Bug Report: Telegram Bot Auto-Reconnect Failure

# Bug Report: Telegram Bot Auto-Reconnect Failure

**Severity:** Medium

**Component:** `src/channels/telegram-client.ts`

**Status:** Open

---

## 1. Summary

The Telegram client in TinyClaw does not automatically reconnect after connection failures. When the Telegram Bot API connection drops (due to network issues, server resets, or timeouts), the polling mechanism stops silently without any reconnection attempt. This causes messages to queue indefinitely until a manual restart of the TinyClaw daemon.

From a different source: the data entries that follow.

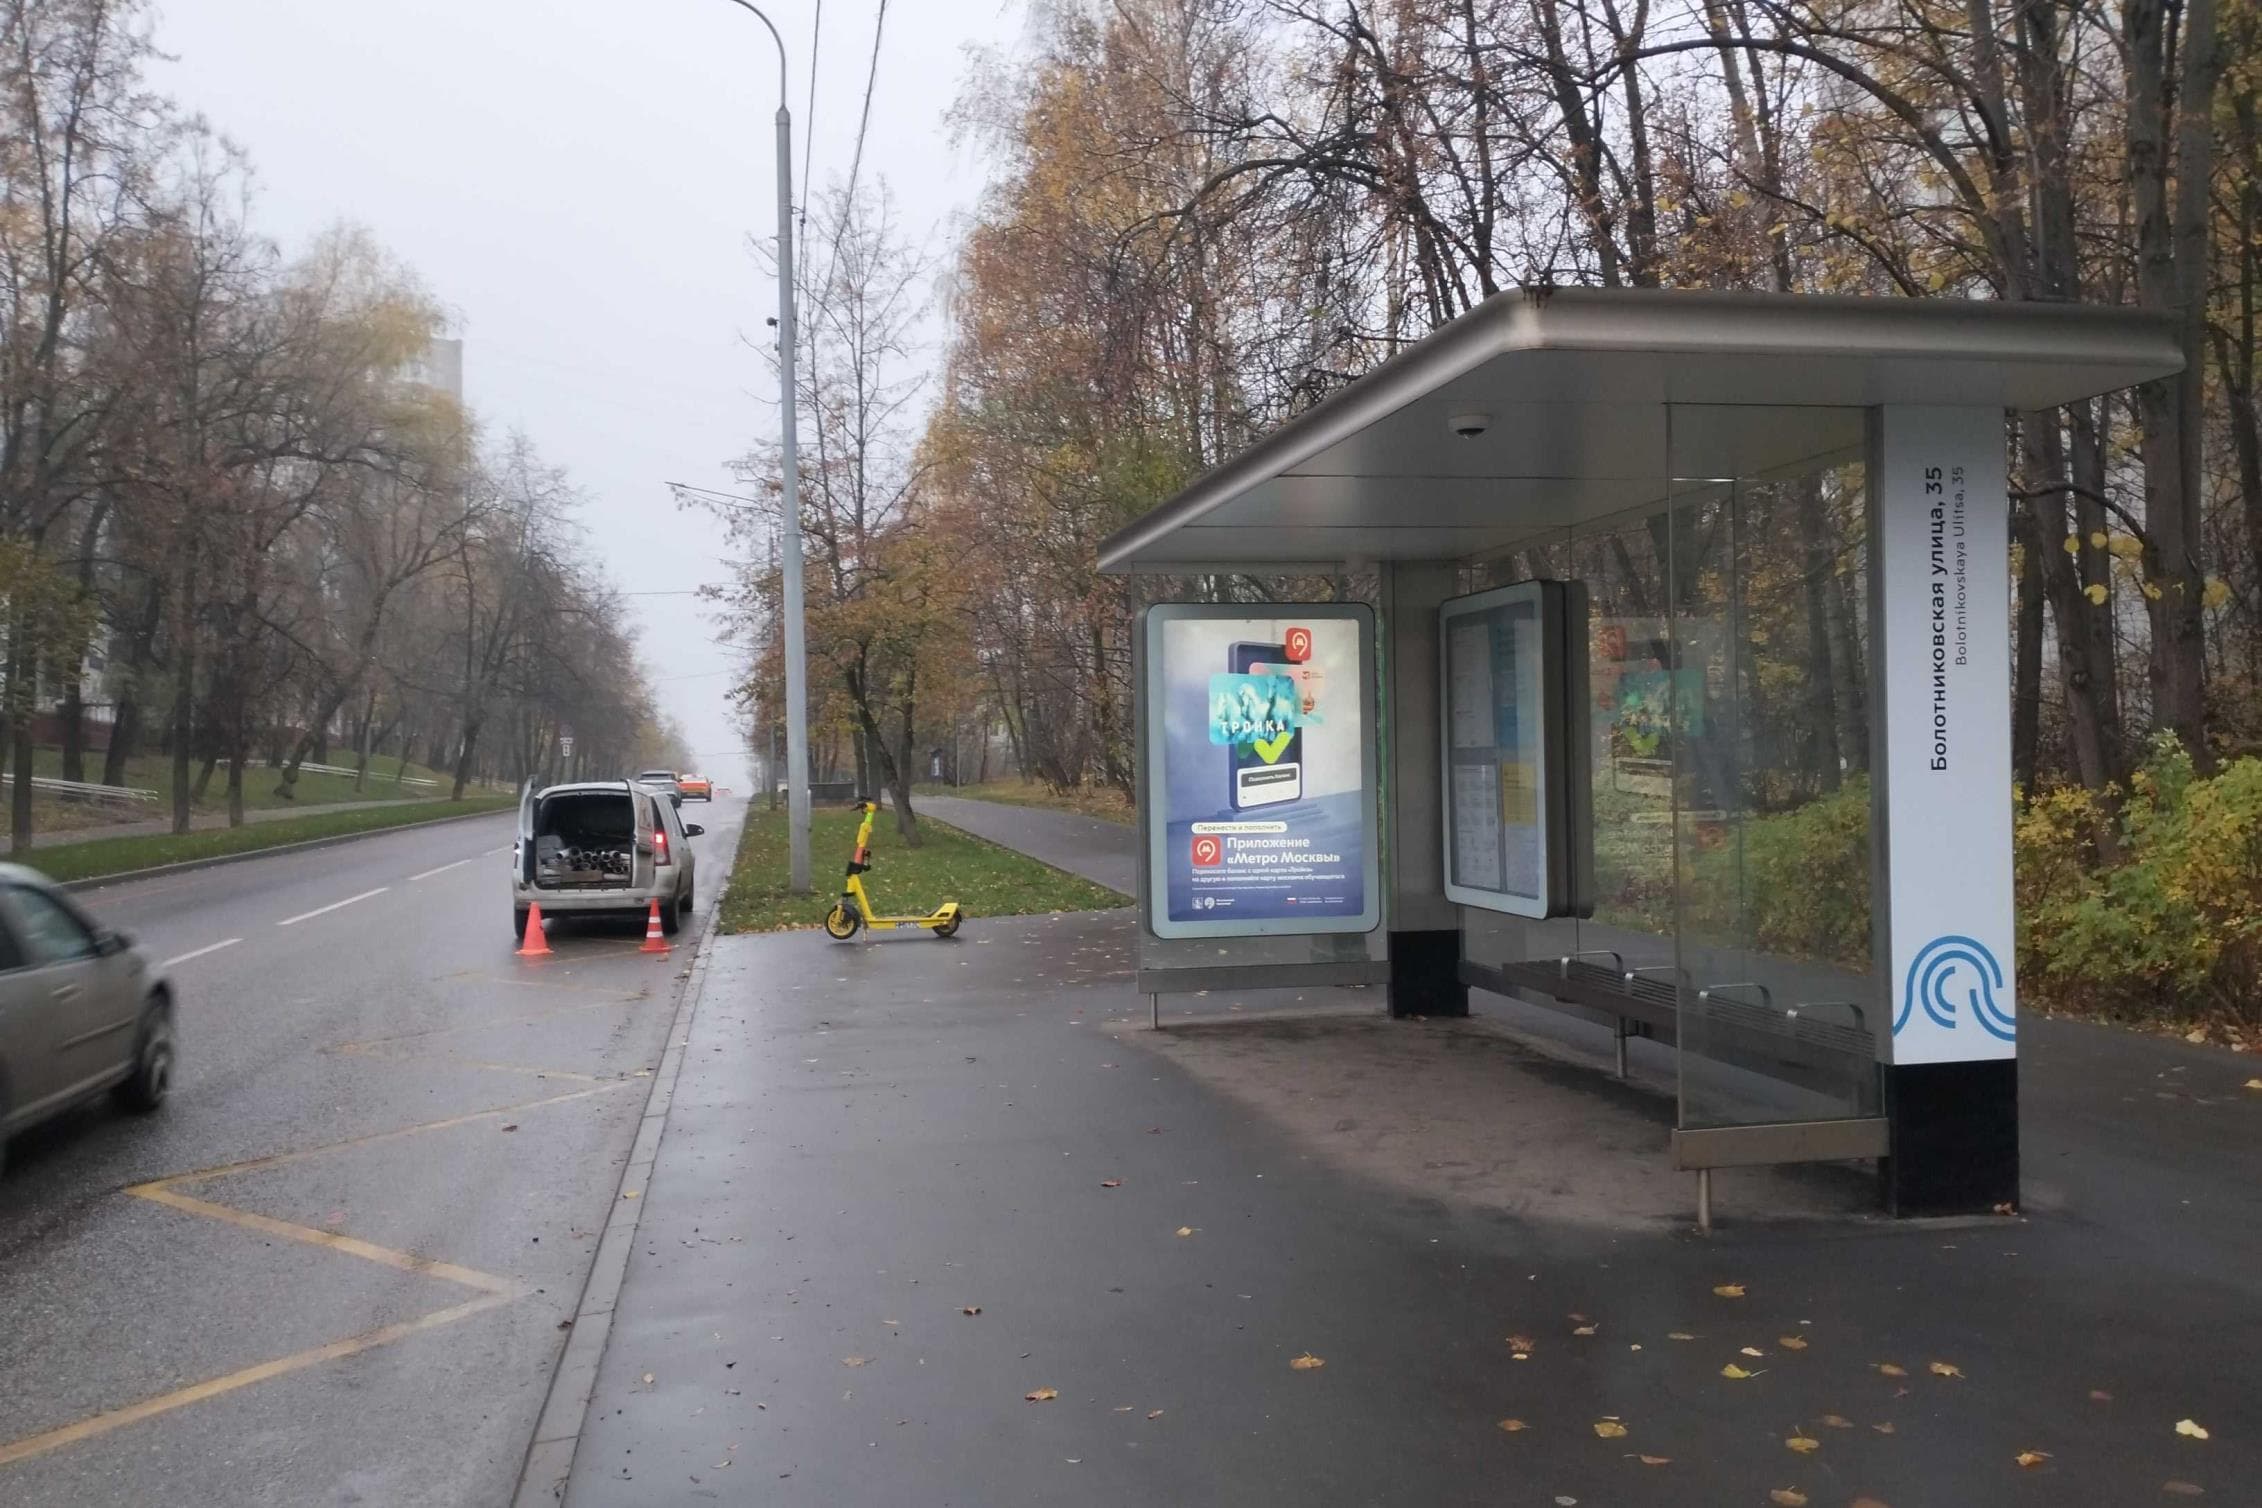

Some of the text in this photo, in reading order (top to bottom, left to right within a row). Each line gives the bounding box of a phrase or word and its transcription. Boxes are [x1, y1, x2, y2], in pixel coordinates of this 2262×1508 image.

[1926, 467, 1947, 771] Болотниковская улица, 35
[1952, 466, 1967, 666] Bolotnikovskaya Ulitsa, 35
[1227, 837, 1310, 851] Приложение
[1227, 851, 1341, 866] «Метро Москвы»
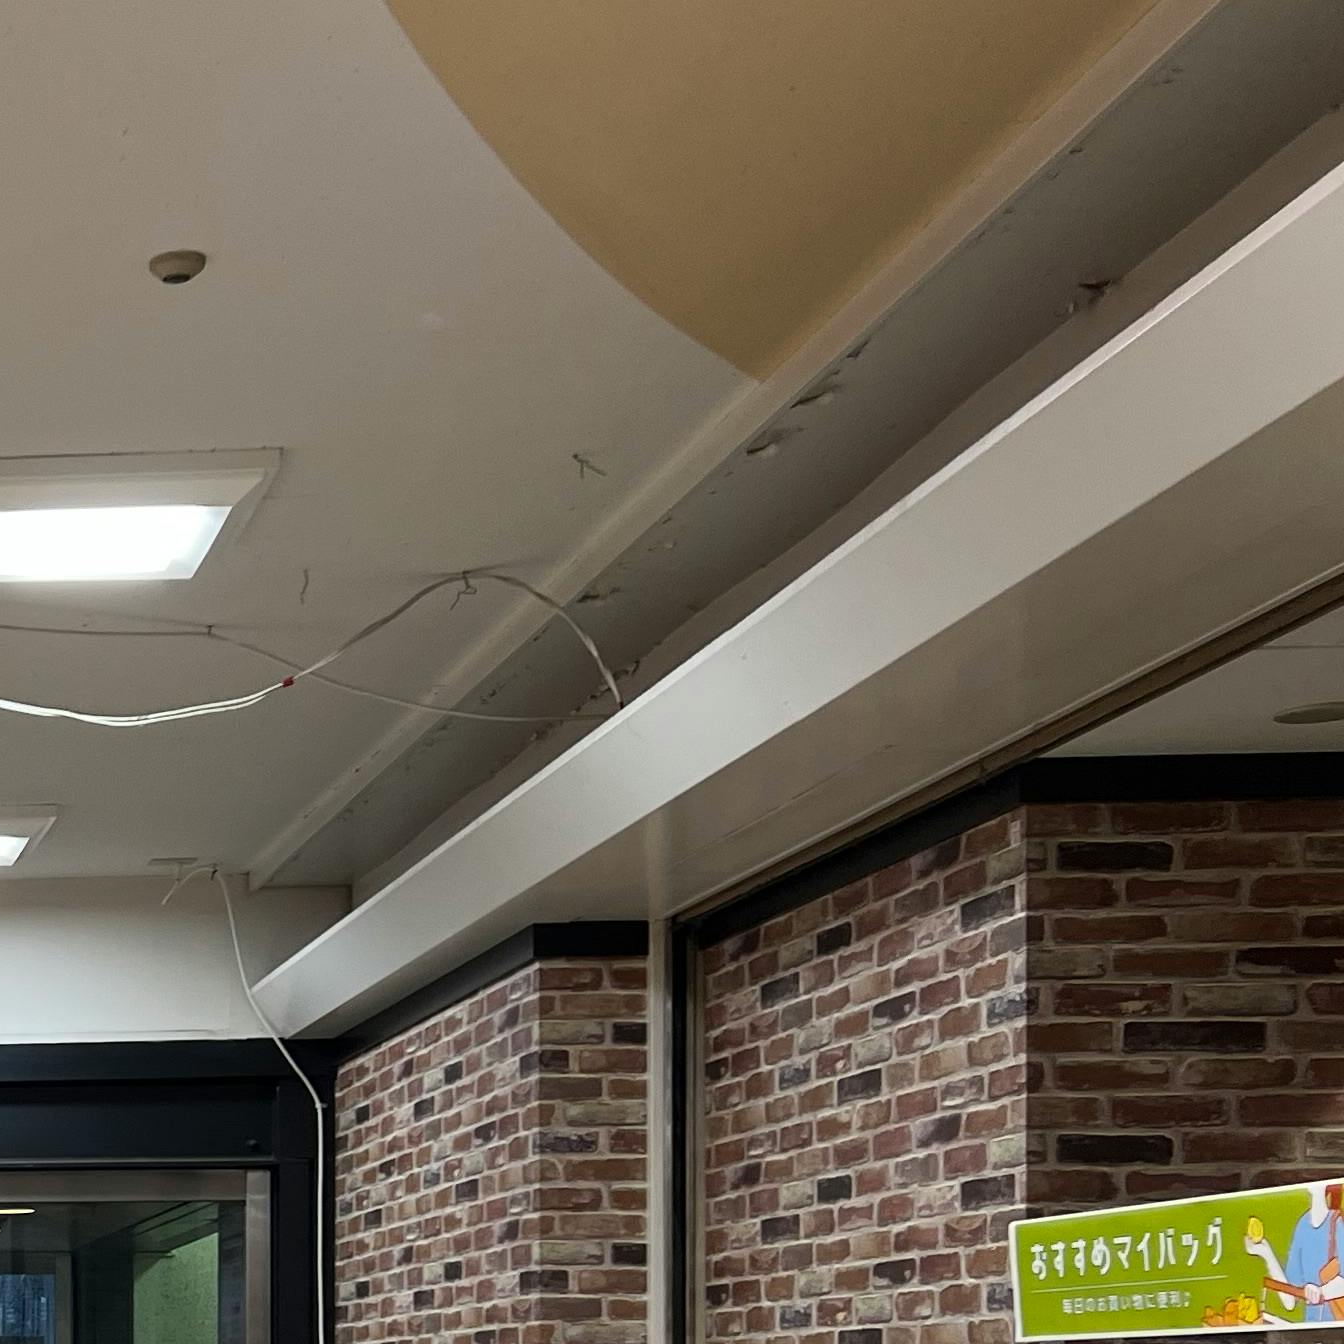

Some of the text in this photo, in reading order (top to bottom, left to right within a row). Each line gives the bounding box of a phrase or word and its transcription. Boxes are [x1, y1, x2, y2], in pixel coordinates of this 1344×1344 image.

This issue is particularly problematic on Fly.io Sprites where the VM may auto-stop after inactivity, and when it wakes up, Telegram polling fails to connect properly.

---

## 2. Environment Details

| Field | Value |
|-------|-------|
| **Platform** | Fly.io Sprites (Ubuntu 22.04) |
| **TinyClaw Version** | 0.0.5 |
| **Node.js Version** | v18+ |
| **Telegram Bot Library** | `node-telegram-bot-api` |
| **Deployment Mode** | tmux daemon |
| **Bot Username** | `@another_mav_test_bot` |

### Relevant Log Files
- `/home/sprite/.tinyclaw/logs/telegram.log`
- `/home/sprite/.tinyclaw/logs/queue.log`
- `/home/sprite/.tinyclaw/logs/daemon.log`

---

## 3. Steps to Reproduce

### Scenario A: Sprite Auto-Stop (Idle Timeout)

1. Deploy TinyClaw on Fly.io Sprite
2. Leave Sprite idle for ~10 minutes (Fly.io auto-stops idle Sprites)
3. Send a message to the Telegram bot
4. **Expected:** Sprite wakes, TinyClaw resumes
5. **Actual:** TinyClaw is not running (not auto-started on wake)

### Scenario B: Network Reset After Cold Start

1. TinyClaw is running on Sprite
2. Sprite goes idle → stops completely
3. User sends message → Sprite wakes from cold
4. TinyClaw may or may not auto-start (depending on setup)
5. Even if TinyClaw starts, Telegram polling fails to connect
6. **Error logged:** `ECONNRESET` or `ETIMEDOUT`
7. **No auto-reconnect** - stays disconnected

### Scenario C: Network Interruption (Live Sprite)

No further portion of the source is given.